Stimulant overdose deaths are affecting different parts of the U.S. differently. In 2019, age-adjusted death rates involving cocaine were higher in Florida, all along the Atlantic coast into New England and westward into the East North Central census division. Florida is a well-known portal for cocaine coming into the U.S. from the Caribbean and South America, and the East coast is a well-travelled trafficking corridor.
In contrast, methamphetamine death rates are higher in the Western U.S., corresponding to the supplies coming from Mexico, and spreading into the center of the country.
In the very early 2000s, stimulant overdose deaths were most heavily concentrated among people between the ages of 35 and 44. Over the next 10 years, people in the 45-to-54-year segments began accounting for the largest share of deaths in any given year, but deaths were less concentrated among any particular age group. As stimulant deaths accelerated after 2014, younger people were increasingly affected and deaths became much more evenly distributed across all ages from 30 to 60 years.
Data on drug overdose deaths were derived from the multiple cause of death files of the Wide-ranging Online Data for Epidemiologic Research (WONDER) data system maintained by the Centers for Disease Control and Prevention (CDC).

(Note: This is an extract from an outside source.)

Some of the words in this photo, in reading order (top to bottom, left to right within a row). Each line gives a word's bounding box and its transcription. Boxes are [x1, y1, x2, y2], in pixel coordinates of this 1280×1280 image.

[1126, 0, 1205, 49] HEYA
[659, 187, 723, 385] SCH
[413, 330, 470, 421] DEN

Deaths were identified as due to an overdose if the ICD-10 code for the underlying cause of death was X40-X44 (accidental poisoning), X60-X64 (intentional self-poisoning) or Y10-14 (poisoning of undetermined intent). A small number of overdose deaths that were the result of homicide (underlying cause of death X85) were excluded from the analyses.
Within this group of overdose deaths, the substances involved in the overdose were identified using the multiple cause of death codes: T40.1 (heroin), T40.2 (natural and semi-synthetic opioids), T40.3 (methadone), T40.4 (synthetic opioids other than methadone), T40.5 (cocaine) and T43.6 (psychostimulants with abuse potential, e.g., methamphetamine). Following the classification scheme adopted by the CDC, natural and semi-synthetic opioids (e.g., oxycodone and hydrocodone) and methadone were grouped into a single category encompassing commonly prescribed opioids. Synthetic opioids other than methadone include substances such as tramadol and fentanyl (both pharmaceutically manufactured and illicitly manufactured).

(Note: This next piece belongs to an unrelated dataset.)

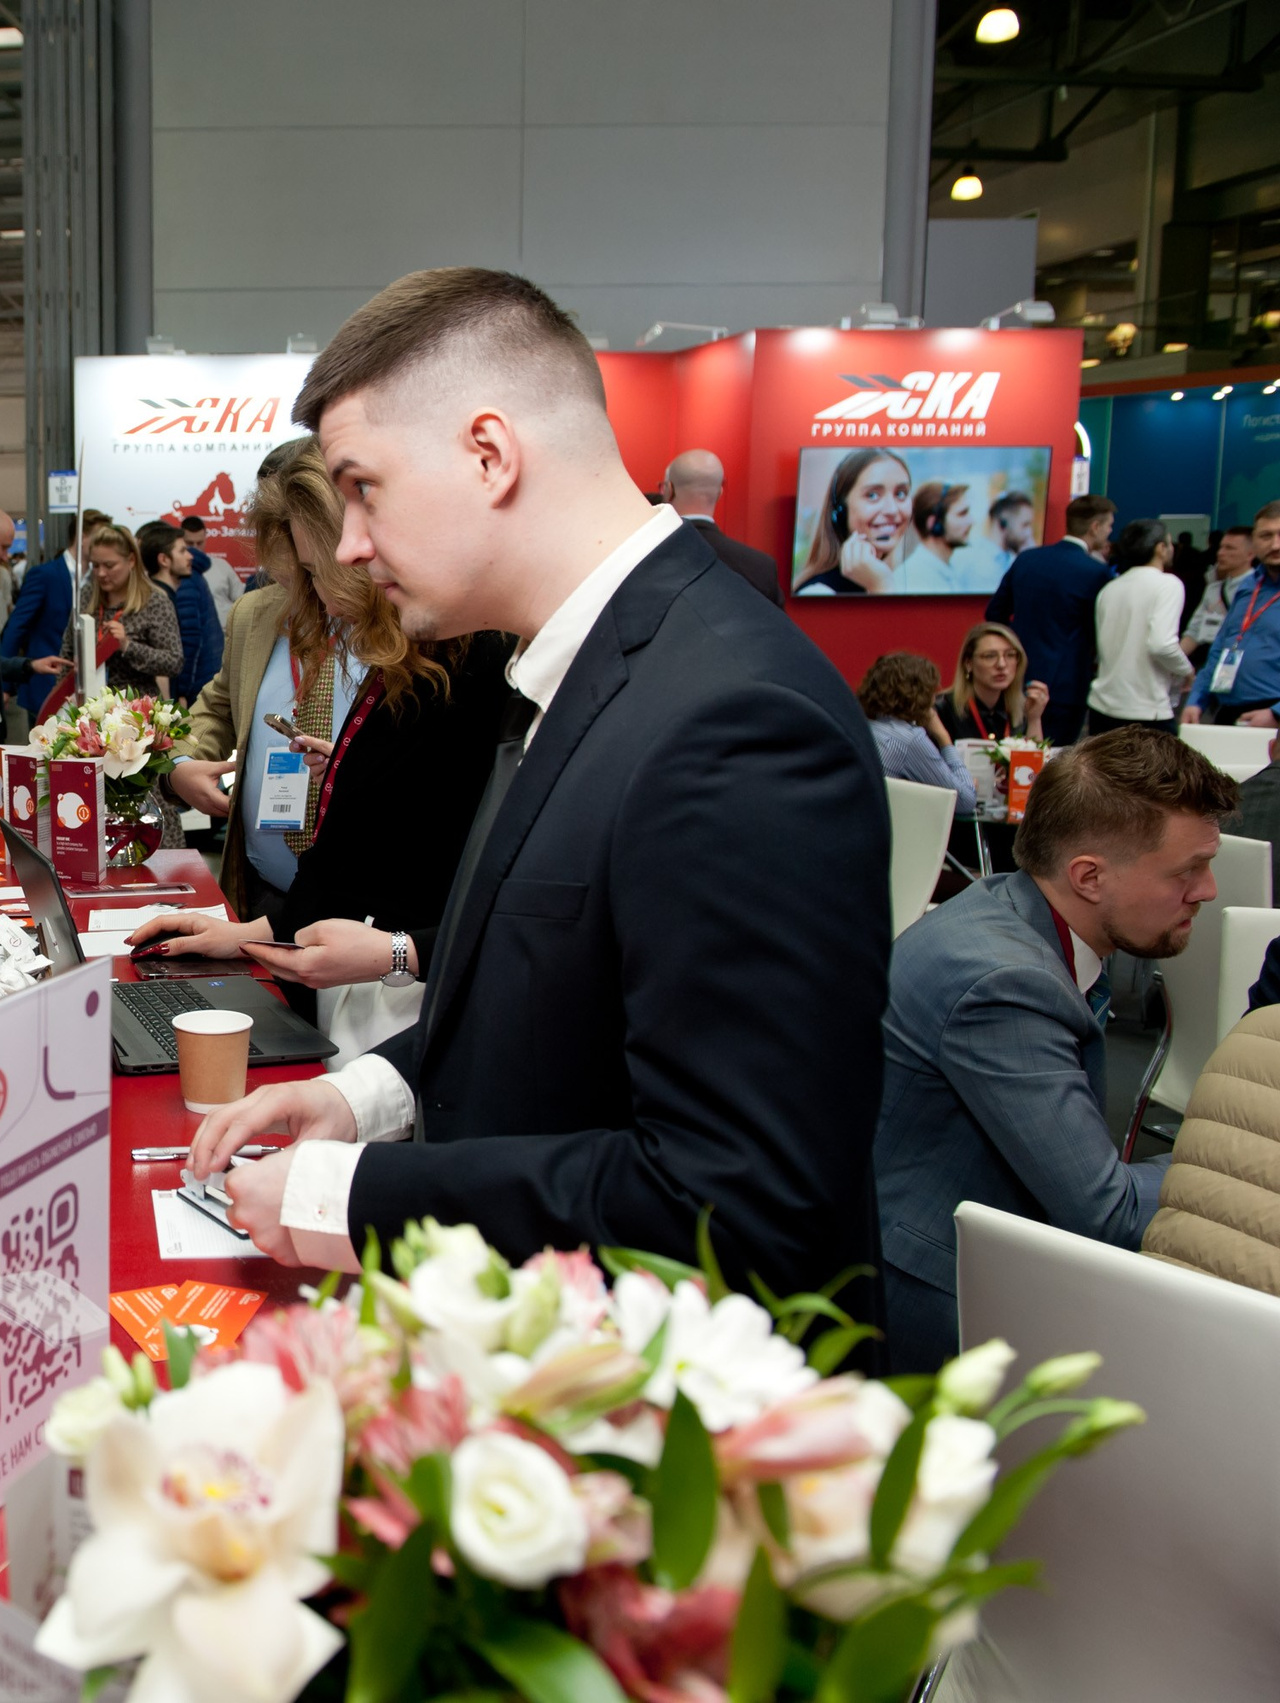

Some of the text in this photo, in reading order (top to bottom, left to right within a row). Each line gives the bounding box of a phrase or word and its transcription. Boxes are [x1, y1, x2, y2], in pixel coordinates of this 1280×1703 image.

[811, 421, 987, 437] ГРУППА КОМПАНИЙ
[113, 441, 274, 454] ГРУППА КОМПАНИЙ
[9, 1431, 32, 1469] НАМ

Because a single death may involve multiple substances, it is not possible to sum across the number of deaths involving specific substances to derive the total number of overdose deaths.
Provisional death data come from the CDC’s National Center for Health Statistics Provisional Drug Overdose Death Counts and show stimulant deaths involving cocaine (T40.5) and psychostimulants with abuse potential (T43.6). Provisional death data are based on death records submitted by state vital registration offices and vary in their timeliness for both reporting and validation. The counts given for a specific month capture all death reports for the prior twelve-month period ending in that month, making the counts insensitive to variation in reporting across seasons. In addition to the raw provisional counts, the CDC also provides predicted provisional counts that have been adjusted to account for reporting and validation delays. Graph 2 reflects these predicted provisional counts. Provisional data are subject to change and are not strictly comparable with final annual death counts reported elsewhere.